It’s Not a Costume: Wearing Masks After Transplant
Last year, I wore a black face mask every day during the month of October. People stopped me on the street to guess my costume. I wasn’t posing as Hannibal Lecter, Batman’s Bane, or Darth Vader, though passing strangers delighted in rasping, “I am your father.” I wasn’t trying to look like a ninja or a Mortal Kombat character either. Three months post-heart-lung transplant, I had no interest in drawing attention to myself.
Having undergone a life-altering procedure that would remodel my ribcage for several months, I already felt like I didn’t belong in my own body. Now I didn’t belong in the neighborhood I called home. I live in the vibrant Castro district in San Francisco; locals and visitors alike don all sorts of costumes without ever getting a double-take. One man hangs around with nothing but a gold sock covering his genitals, often enough for my Lyft drivers to shrug and say, “Oh, yeah. That guy.” And yet, I had someone shout, “Boo!” at me, a barista roll her eyes telling me a cup of coffee would be “hard to drink with that mask on,” and a homeless woman point toward the Wells Fargo suggesting I would “feel better if you go up there and rob them.”
I want to be able to write that after all that I went through – all the far more humiliating moments I had while hospitalized, with slowly draining chest tubes and constipation from a slowly emptying stomach – I am unfazed by comments from clueless strangers.
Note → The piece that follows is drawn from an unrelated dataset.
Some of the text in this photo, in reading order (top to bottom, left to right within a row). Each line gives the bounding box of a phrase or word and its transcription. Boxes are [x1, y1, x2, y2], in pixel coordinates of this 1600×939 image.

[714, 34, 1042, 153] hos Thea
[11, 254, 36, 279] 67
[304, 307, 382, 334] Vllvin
But I felt robbed of normalcy each time. I told myself the experience would help me practice empathy, that every tactless comment was fodder for my memoir.
Though my sister and I laugh about the time a man stumbled when he passed me on a hike, and the time another man tripped down a few stairs when he took a second look at me (Really, men are falling for me all over the place!), wearing a mask adds to my already robust social anxiety. I prefer going to gyms over parties because I don’t have to shout for people to hear me. Some people think I’m wearing an elevation training mask, or that I am sensitive to the loose chalk that permeates rock-climbing gyms. My mask may hide my smile at parties, but it also hides the unbecoming facial expressions I make when I’m struggling on a bouldering problem.
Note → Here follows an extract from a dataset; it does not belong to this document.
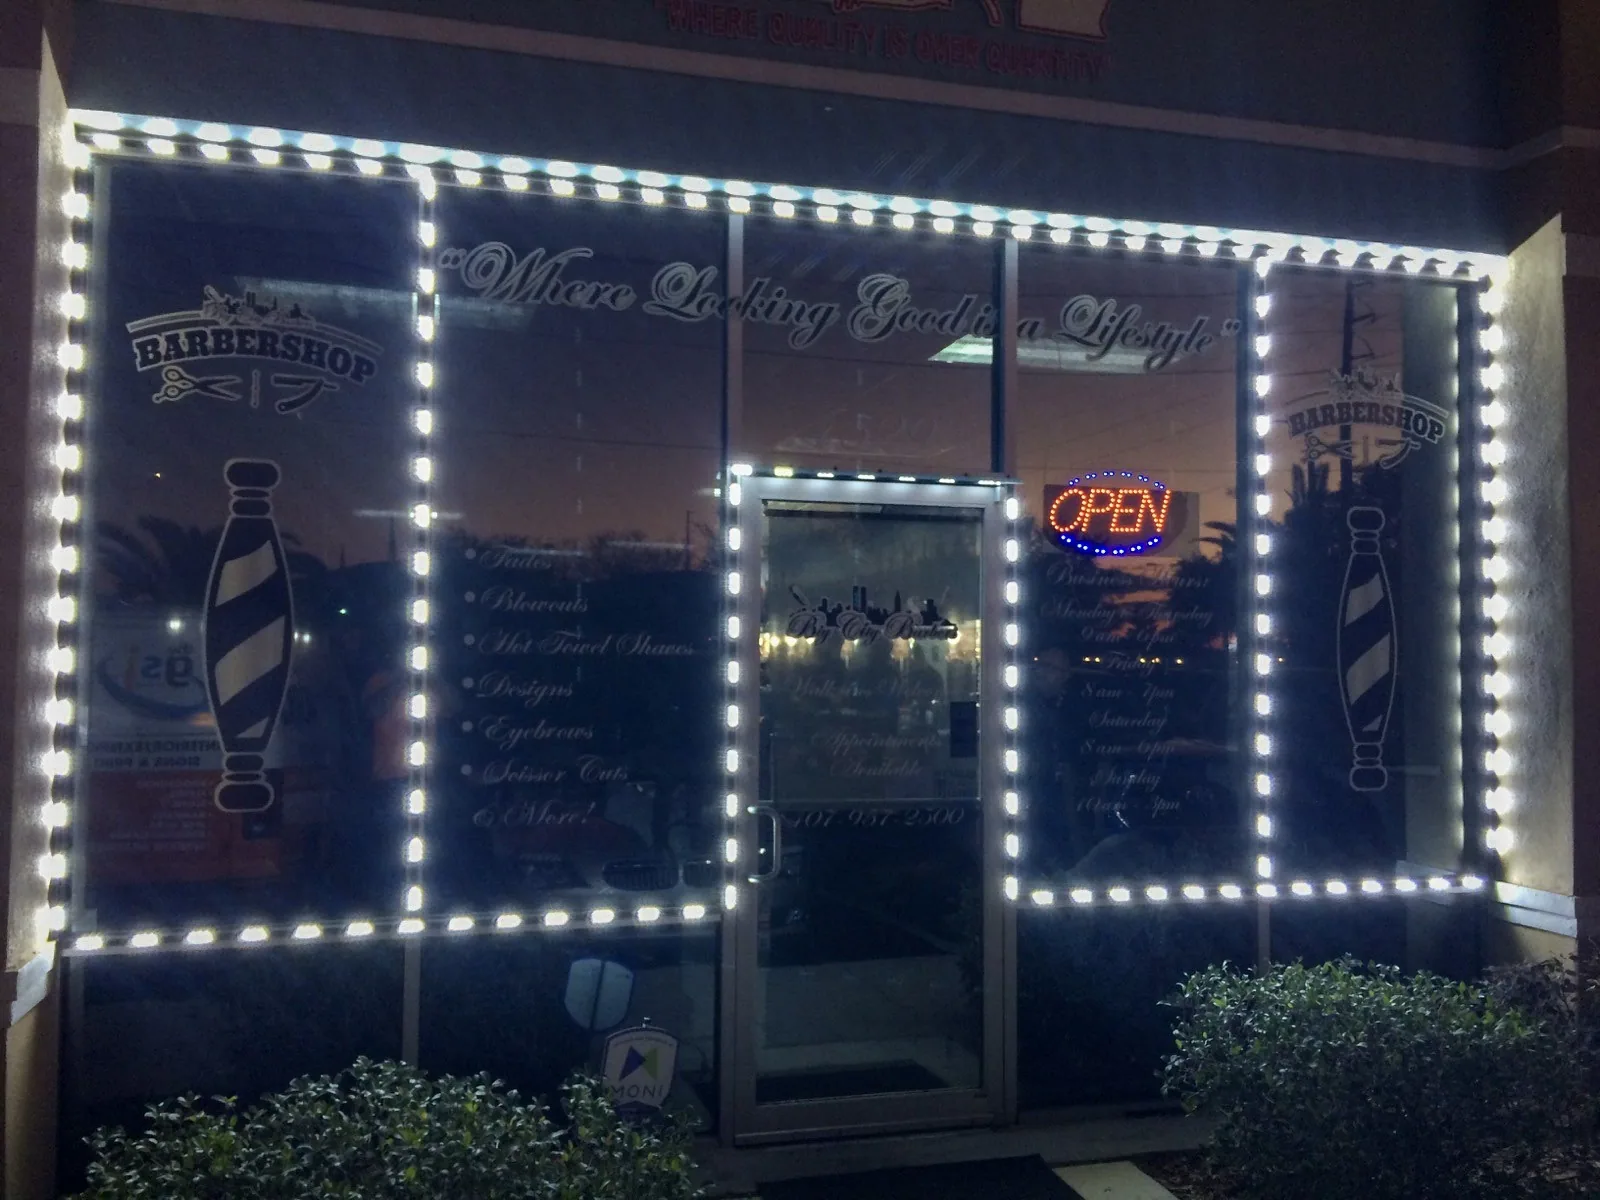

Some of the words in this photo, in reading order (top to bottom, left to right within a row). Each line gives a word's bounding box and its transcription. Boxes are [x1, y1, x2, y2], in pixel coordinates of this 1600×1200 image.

Now that my transplanted heart and lungs are a bit older (and a bit more mine), I wear masks less and less. I’m on lower doses of immunosuppressants and therefore less prone to infection, so I mainly wear masks on public transportation, in hospitals, and at the gym. I notice how different I feel leaving my house without fear of people stopping or staring at me, ordering my coffee or interacting with a salesperson without a physical barrier between us.
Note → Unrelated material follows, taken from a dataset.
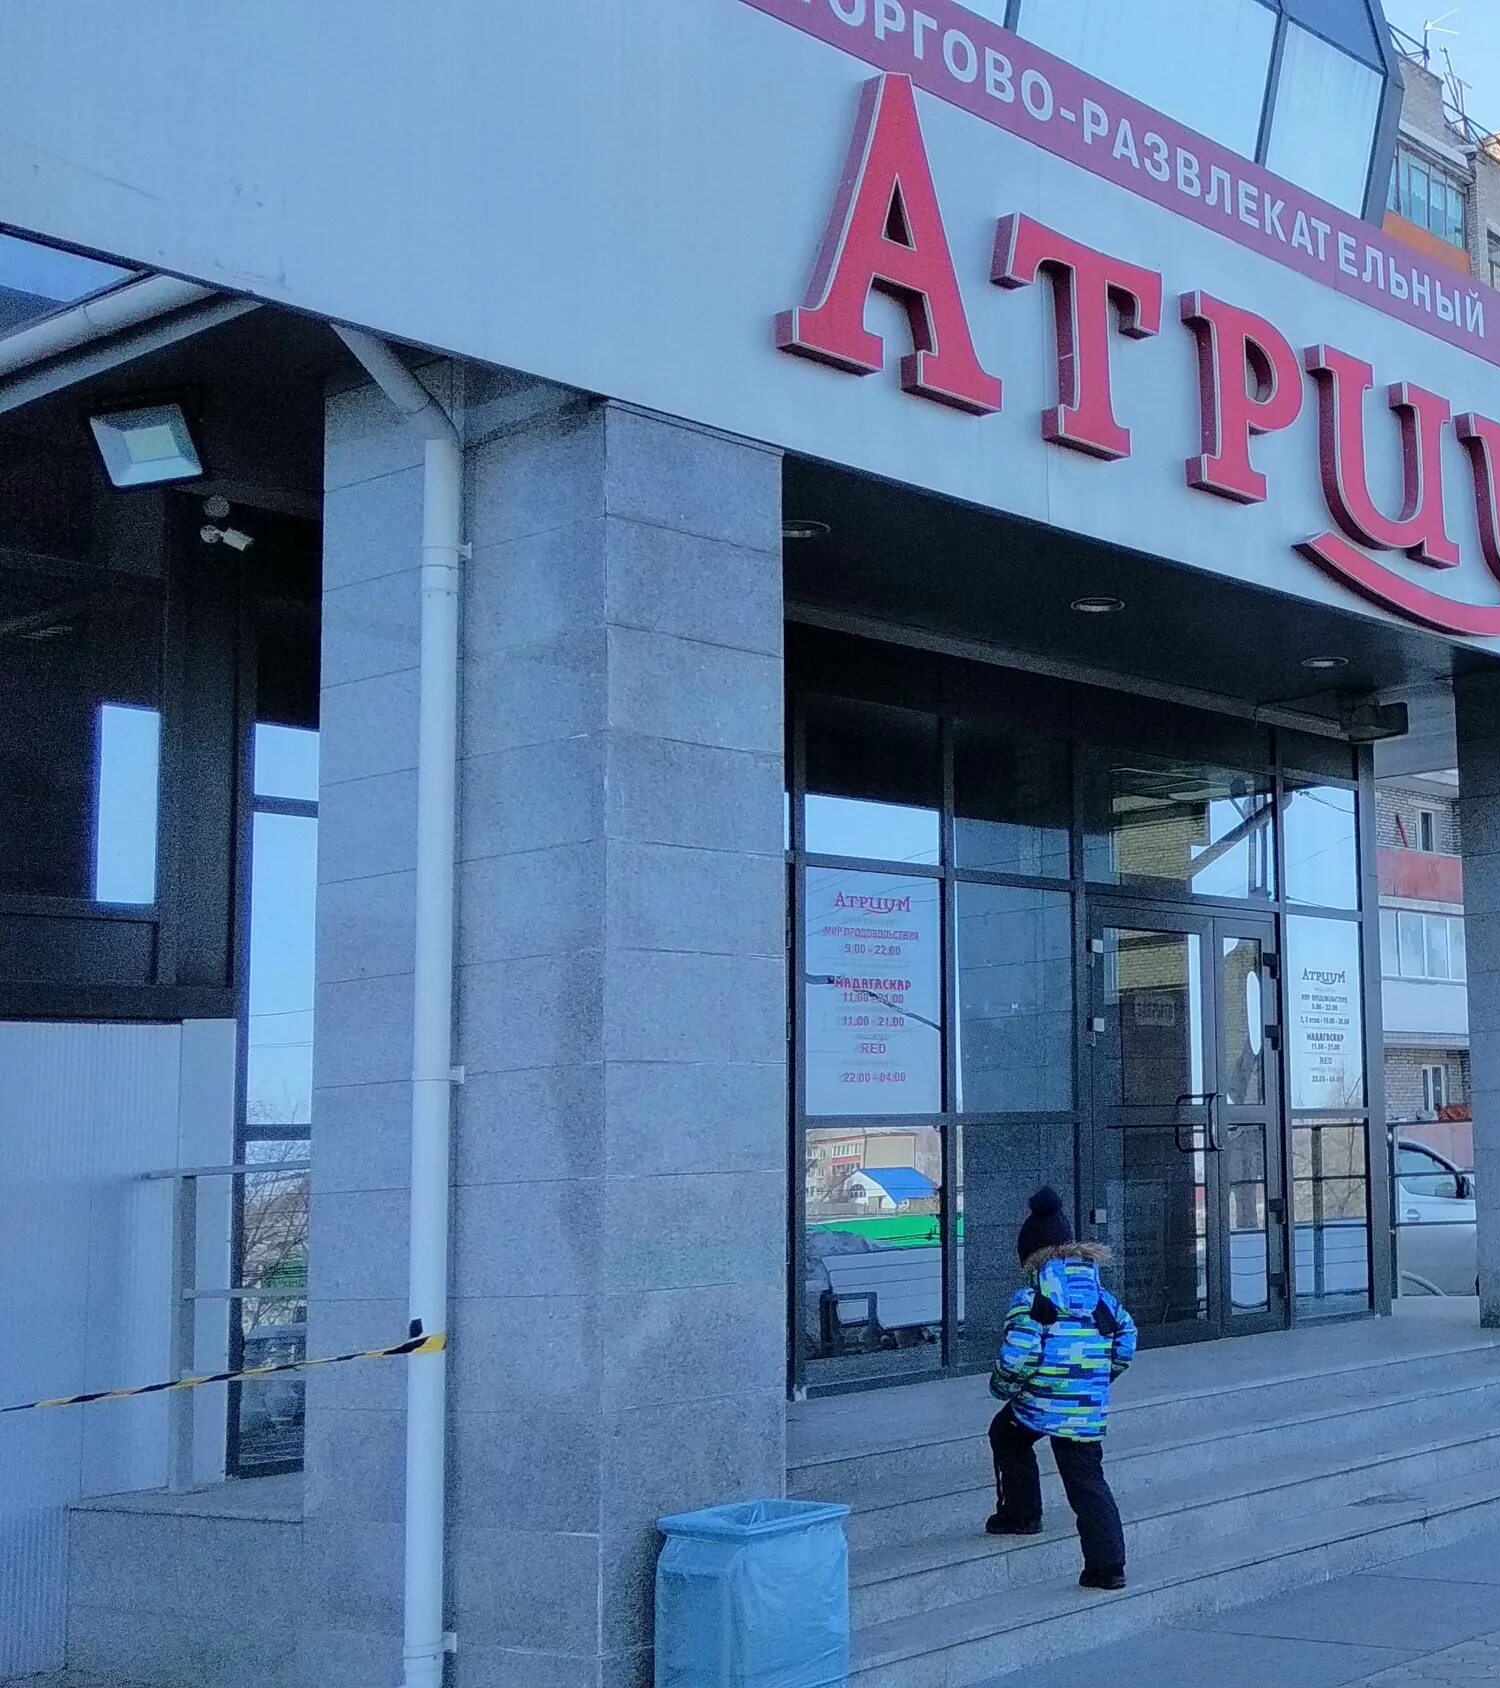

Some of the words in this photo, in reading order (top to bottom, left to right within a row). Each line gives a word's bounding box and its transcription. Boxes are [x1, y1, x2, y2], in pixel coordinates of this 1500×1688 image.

[805, 0, 1485, 339] ОРГОВО-РАЗВЛЕКАТЕЛЬНЫЙ
[835, 977, 911, 990] МАДАГАСКАР
[860, 1043, 886, 1054] RED
Last week underscored the reason I wear masks. They are one of few forms of protection I have in a life replete with risk. All the stares in the world are worth the peace of mind that I am protecting my lungs from infection. My P100 and N99 masks filter particles in the air, and have proved an effective way to train me to stop touching my face. With wildfires severely impacting air quality throughout California, and especially the Bay Area where I live, I’ve seen dozens of other people wearing masks around the city. I went from being an outsider to being a paragon of preparedness.
With the holiday falling on a Monday, I was in the thick of the Halloween festivities when I took my dog for a walk in the Castro neighborhood Sunday night. “I like your costume!” someone hooted. I grumbled “Thanks,” but later it occurred to me that I should have said “I like yours, too,” since we were both in street clothes. I wanted so badly to pass for normal and efface myself from public view. My mask made that impossible, and rightfully so, as masks were not the norm.
This October, I’m not the only one wearing a filter mask. I wish deadly fires had not sparked this trend toward normalization, but seeing more education about types of masks and their applications gives me hope for refuting the misconceptions I’ve experienced. I find silver linings in the midst of disaster: learned empathy and, as always, writing material.